The Audit log is designed to include many redundant recording actors making redundant records, so any action like a Create of a resource instance might result in many (usually at least 2) Audit log entries. This redundancy is part of the pattern used to see that a system is working properly. As such, the Audit log tends to need to be analyzed and pruned through various filtering, reporting, alerting, and offloading.
So, for every piece of Data there might be a Provenance record, or it might be contained within the Data. One Provenance record can point at many pieces of Data. The graph shown is just a visualization of the 'number of' entries of data vs entries of audit log vs entries of provenance records. It is not intended to be complete, but representative.
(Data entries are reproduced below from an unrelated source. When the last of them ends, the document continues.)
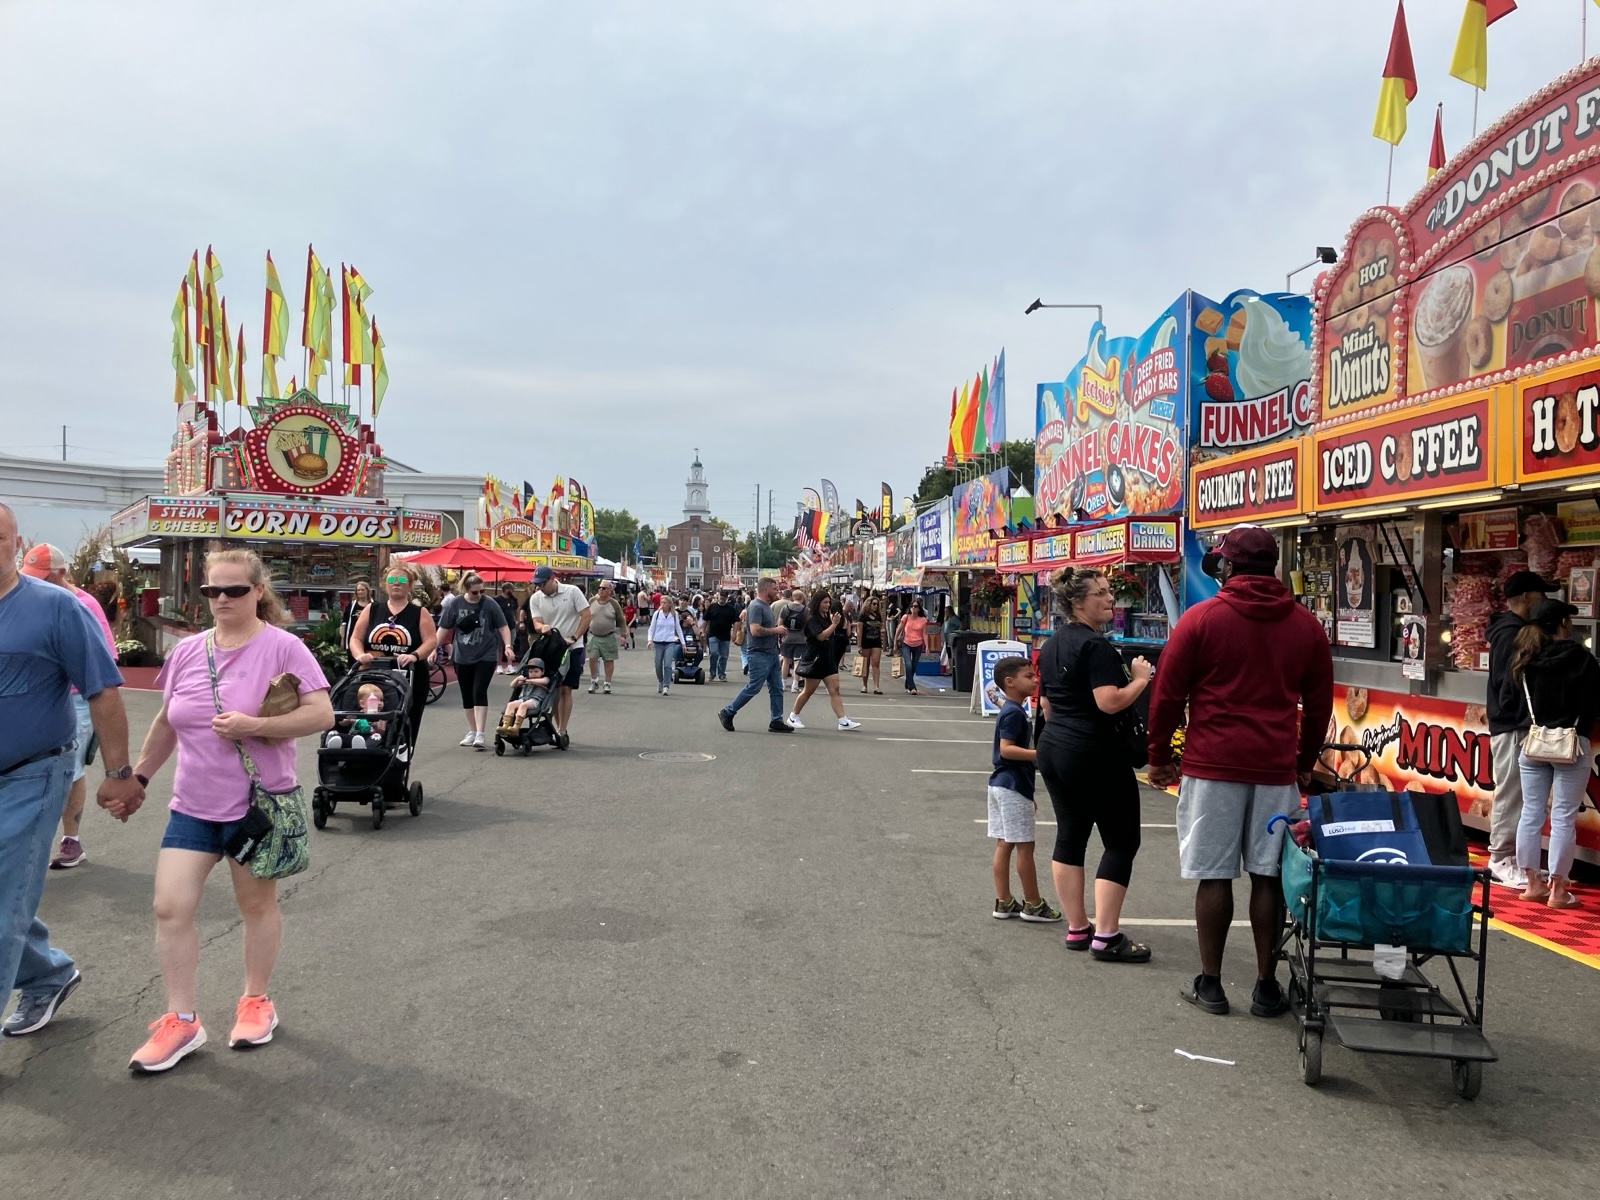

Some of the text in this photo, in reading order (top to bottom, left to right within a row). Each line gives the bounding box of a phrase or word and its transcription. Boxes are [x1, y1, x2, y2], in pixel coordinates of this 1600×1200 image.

[1443, 105, 1568, 226] DONUT
[1575, 88, 1600, 136] F
[1359, 257, 1388, 286] HOT
[1512, 295, 1588, 358] DONUT
[1342, 325, 1375, 356] Mini
[1137, 351, 1175, 385] DEEP FRIED
[1330, 341, 1390, 406] Donuts
[1133, 372, 1178, 407] CANDY BARS
[1201, 380, 1314, 446] FUNNEL C
[1039, 422, 1064, 447] SUNDAES
[1039, 420, 1176, 518] FUNNEL CAKES
[1322, 441, 1372, 490] ICED
[1086, 494, 1106, 513] OREO
[1198, 470, 1246, 511] GOURMET
[160, 507, 207, 519] STEAK
[225, 509, 395, 538] CORN DOGS
[408, 518, 435, 531] STEAK
[882, 495, 891, 530] BBQ
[150, 521, 217, 533] & CHEESE
[411, 532, 440, 544] CHEESE
[496, 523, 537, 539] LEMONADE
[1138, 525, 1166, 535] COLD
[958, 536, 974, 552] SLUSH
[1034, 537, 1069, 560] FUNNEL CAKES
[1077, 529, 1124, 554] DOUGH NUGGETS
[1133, 535, 1174, 549] DRINKS
[551, 560, 579, 568] LEMONADE
[371, 644, 410, 653] GOOD VIBES
[1362, 712, 1493, 788] Original MINI
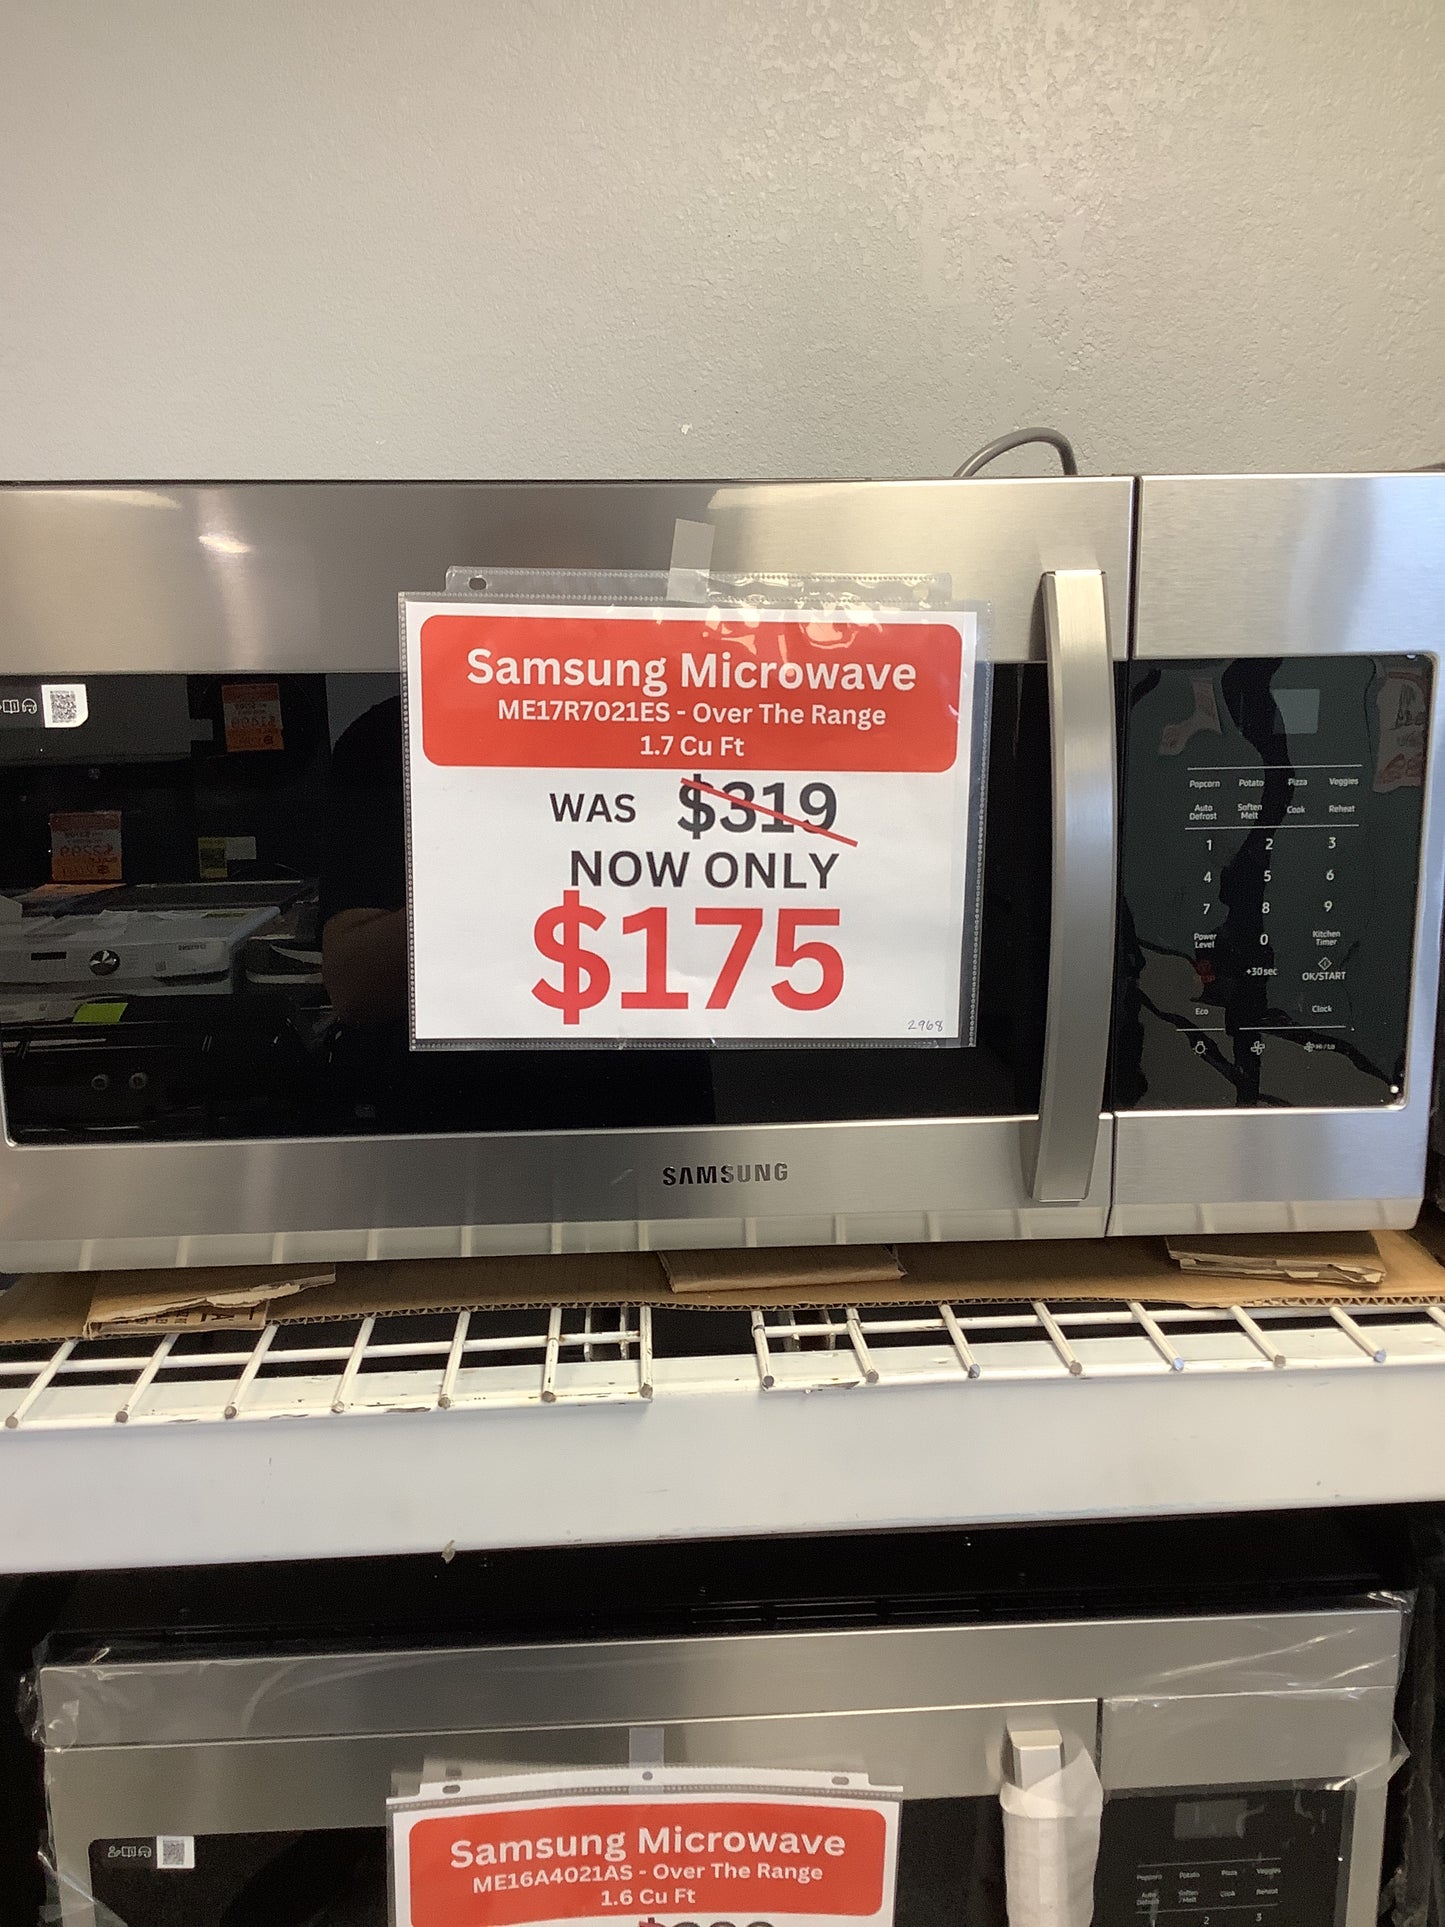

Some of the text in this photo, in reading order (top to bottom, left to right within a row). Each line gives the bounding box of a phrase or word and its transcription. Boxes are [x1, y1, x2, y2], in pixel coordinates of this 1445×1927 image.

But for every access to data there will be an AuditEvent, including accesses to the AuditEvent record will produce another entry in the AuditEvent. And there are also AuditEvents for login, system-startup, system-shutdown, etc. Thus making AuditEvent the most popular Resource in FHIR.... by definition.,
Utility driven by Use
The biggest difference is in use-cases over time.* Audit
- is accessed by support staff such as Security Office, Privacy Office, and IT Office
- is analyzed quickly, within minutes/hours/days.
- it might get filtered and forwarded, reports might get made,
- some of it might get purged, other moved to offline storage.
* Provenance
- is accessed by clinicians, billing, quality, safety
- it might not ever be referenced, as it an unusual situation that doesn't have the data
- is part of the medical record, it lives as long as the data, and
- it goes with the data (should).
Exceptions to that general pattern do exist. But they are exceptional cases.
Provenance and Audit are both critical
I hope I have explained WHY we are not just adopting the W3C Provenance model. It is a model, we are looking toward it as a good model. But we are building something for Healthcare, and using FHIR. So there will be differences."All models are wrong, some are useful."
Updated: March 9th, 2016 -- fix the last graphic to be a bar-chart to better show this as a visualization of the number of entries, not to be confused with a Venn diagram concept of the other charts. Also swapped the first two diagrams so that a diagram of my work was first, the second is from the FHIR specification.